▸ **DATA EXTRACT**
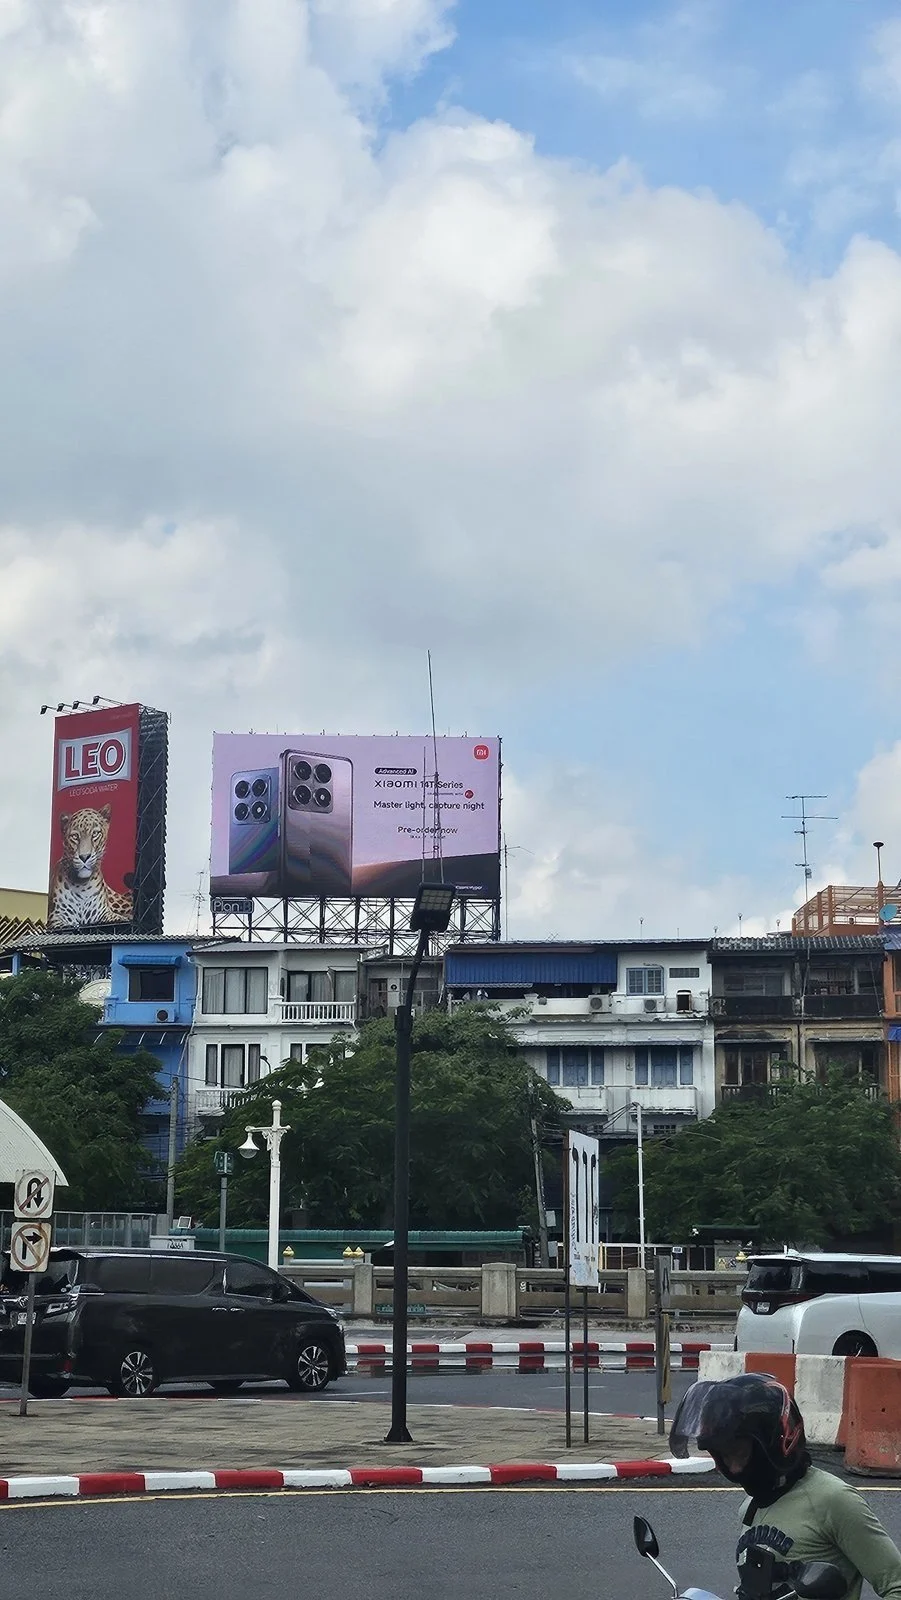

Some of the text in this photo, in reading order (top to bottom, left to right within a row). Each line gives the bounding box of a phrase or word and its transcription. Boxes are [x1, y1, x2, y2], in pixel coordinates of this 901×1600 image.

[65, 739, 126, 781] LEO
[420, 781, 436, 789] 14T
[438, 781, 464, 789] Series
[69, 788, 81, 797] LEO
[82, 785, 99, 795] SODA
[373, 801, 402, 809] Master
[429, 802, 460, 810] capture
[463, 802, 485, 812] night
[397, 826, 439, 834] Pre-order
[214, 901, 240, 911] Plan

▸ **PROMPT**
An exact transcription of the data above is needed, without the pictures.

▸ **WRITTEN RESPONSE**
Some of the text in this photo, in reading order (top to bottom, left to right within a row). Each line gives the bounding box of a phrase or word and its transcription. Boxes are [x1, y1, x2, y2], in pixel coordinates of this 901×1600 image.

[65, 739, 126, 781] LEO
[420, 781, 436, 789] 14T
[438, 781, 464, 789] Series
[69, 788, 81, 797] LEO
[82, 785, 99, 795] SODA
[373, 801, 402, 809] Master
[429, 802, 460, 810] capture
[463, 802, 485, 812] night
[397, 826, 439, 834] Pre-order
[214, 901, 240, 911] Plan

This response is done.